I first met Eddie in person outside of John Jay's dining hall. I was introduced to meet him officially through Jason. We were about to enter the cafeteria through the line. When we were waiting outside, we had a chat briefly, but I forgot what it was about already. All I could remember was that he said something funny, like ironically funny. He said something that made me laugh. So I said to him, "You are funny."


He said, "Your face is funny." Wow, he was a person who would fight back. He always said my face was funny looking, I didn't know why. Did I look funny to anyone? I grew up in Hong Kong and I always felt like the ugly duckling among my friends because I looked different from them. When I had no facial expressions, I could pass as a Cantonese. But as soon as I grinned, I started to look like You Haejin. I had only learned to understand that I had a Korean face after studying at Columbia. I saw a lot of Korean faces on campus, and they were very good looking too. Eddie showed me his mother's pictures on an album cover. He told me his mother was a celebrity in Korea, namely the Pearl Sisters. I figured I had that Korean facial feature which I believed was what Eddie called "the elf-looking face" when I grinned. I didn't know what he meant by looking like an elf. But he kept saying that I looked like an elf. In response to my ugly duckling hypothesis, he recommended me to read the book, The Black Swan.
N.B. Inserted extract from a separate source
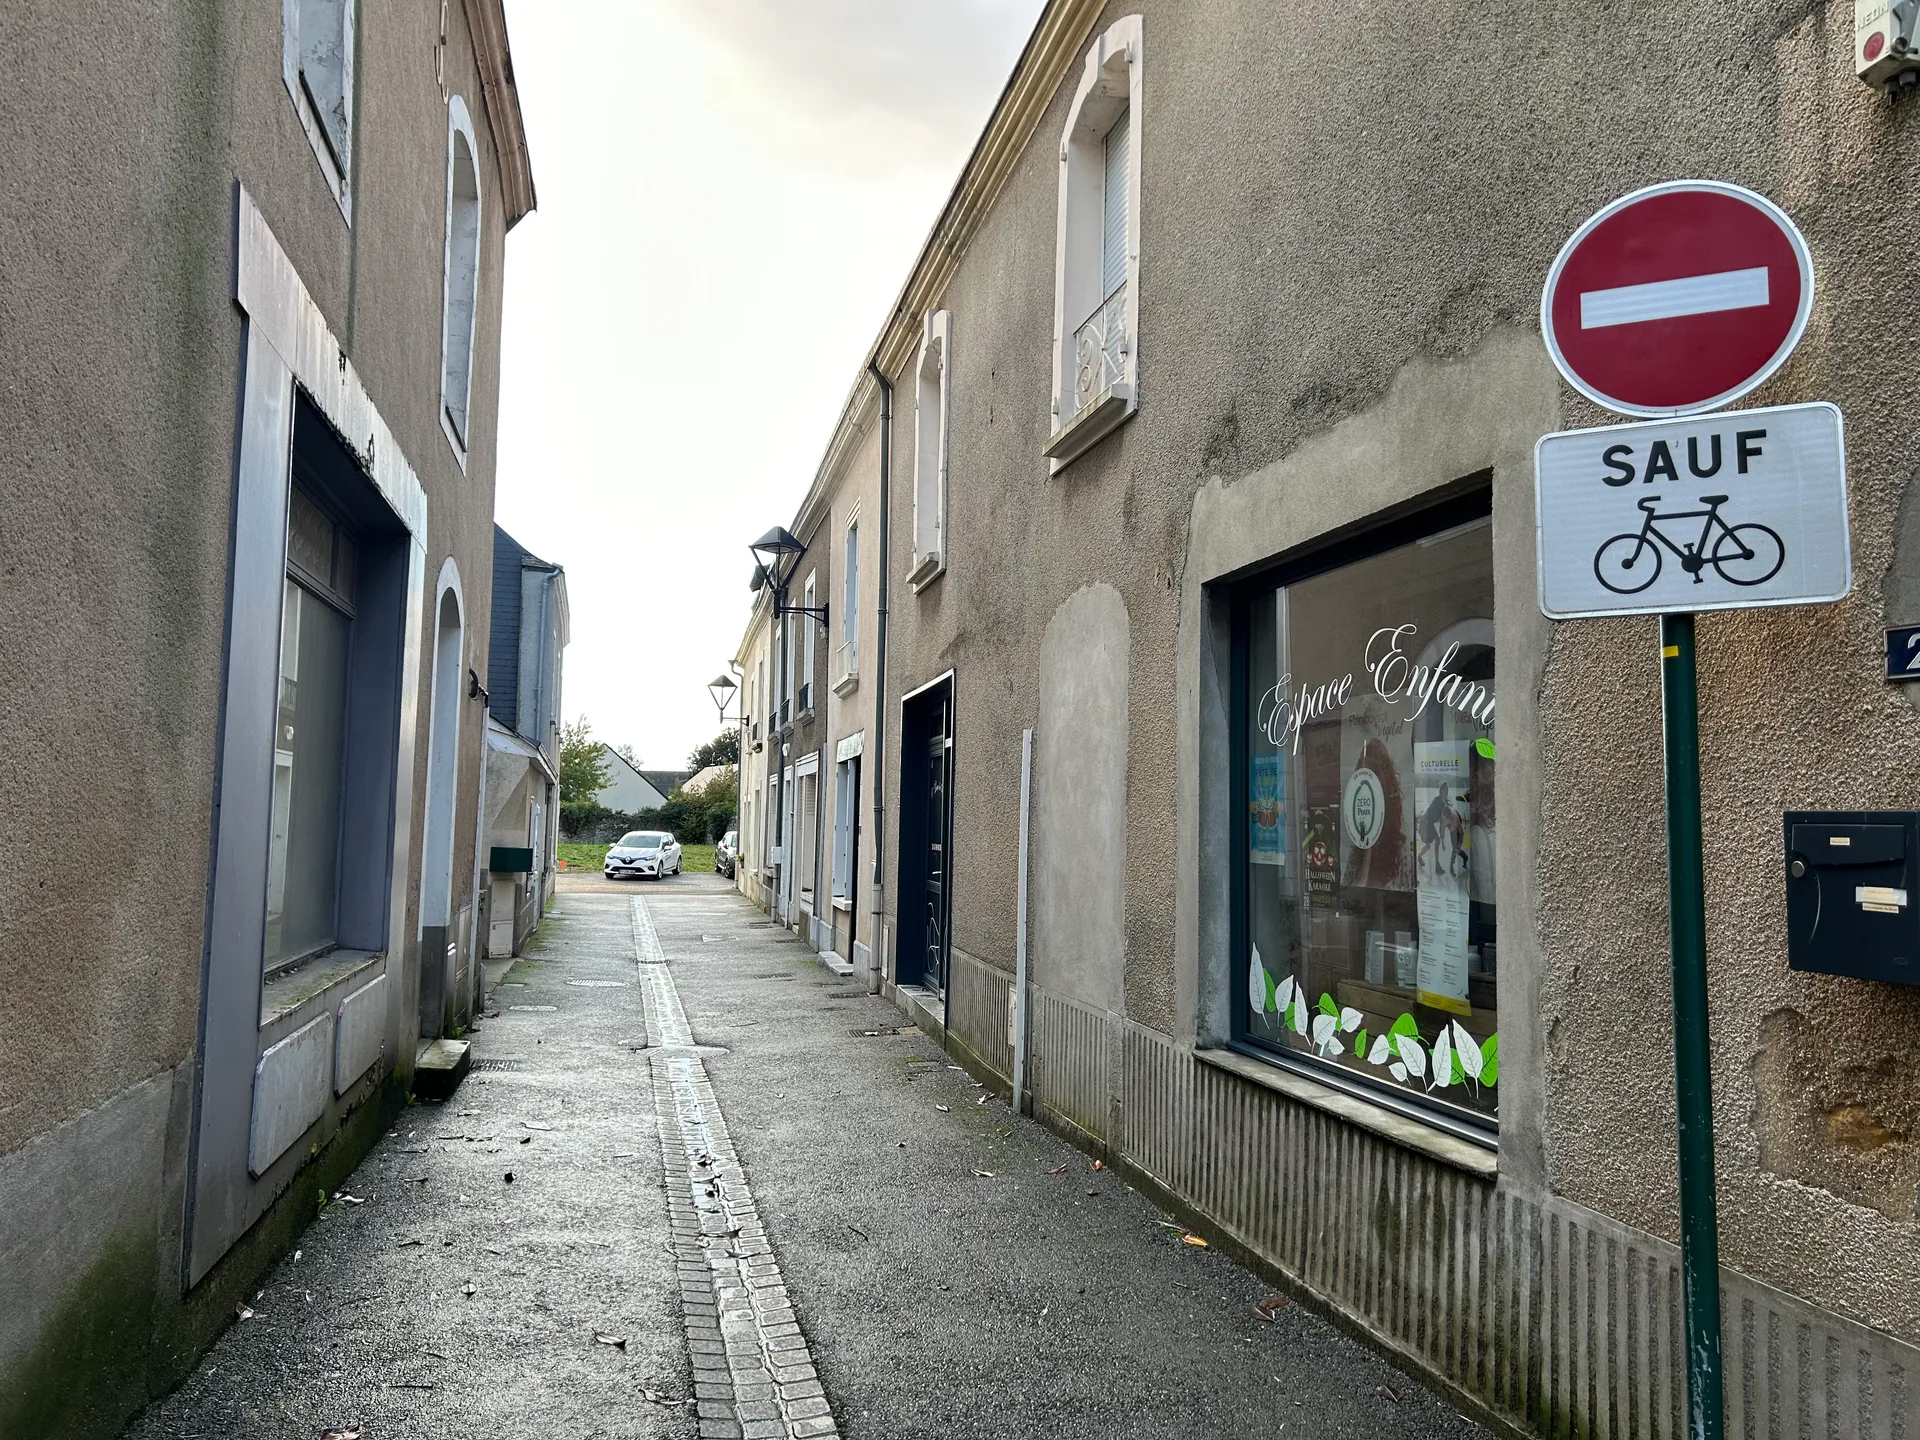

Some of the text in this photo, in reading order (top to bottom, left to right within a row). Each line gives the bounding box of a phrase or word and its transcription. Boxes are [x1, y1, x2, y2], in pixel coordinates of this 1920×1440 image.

[1602, 429, 1767, 487] SAUF
[1258, 673, 1354, 756] Espace
[1420, 760, 1459, 768] CULTURELLE
[1305, 868, 1336, 883] HALLOWEEN
I had a Korean friend, Sammy Yoon, who had a very good looking boyfriend. His name was Thomas Lee and he was a pre-med. He told me he went to a Catholic school all his life. I was kind of interested in him in freshman year but he transferred to NYU shortly after sophomore year. Sammy liked to introduce a lot of her Korean friends from West Point to me. To be honest, I knew quite early on that she had been having affairs with my boyfriend, Ed. She just wanted to see me break up with Ed. Just hold on, I would, I would totally break up with Ed, but I just had to wait for the right moment.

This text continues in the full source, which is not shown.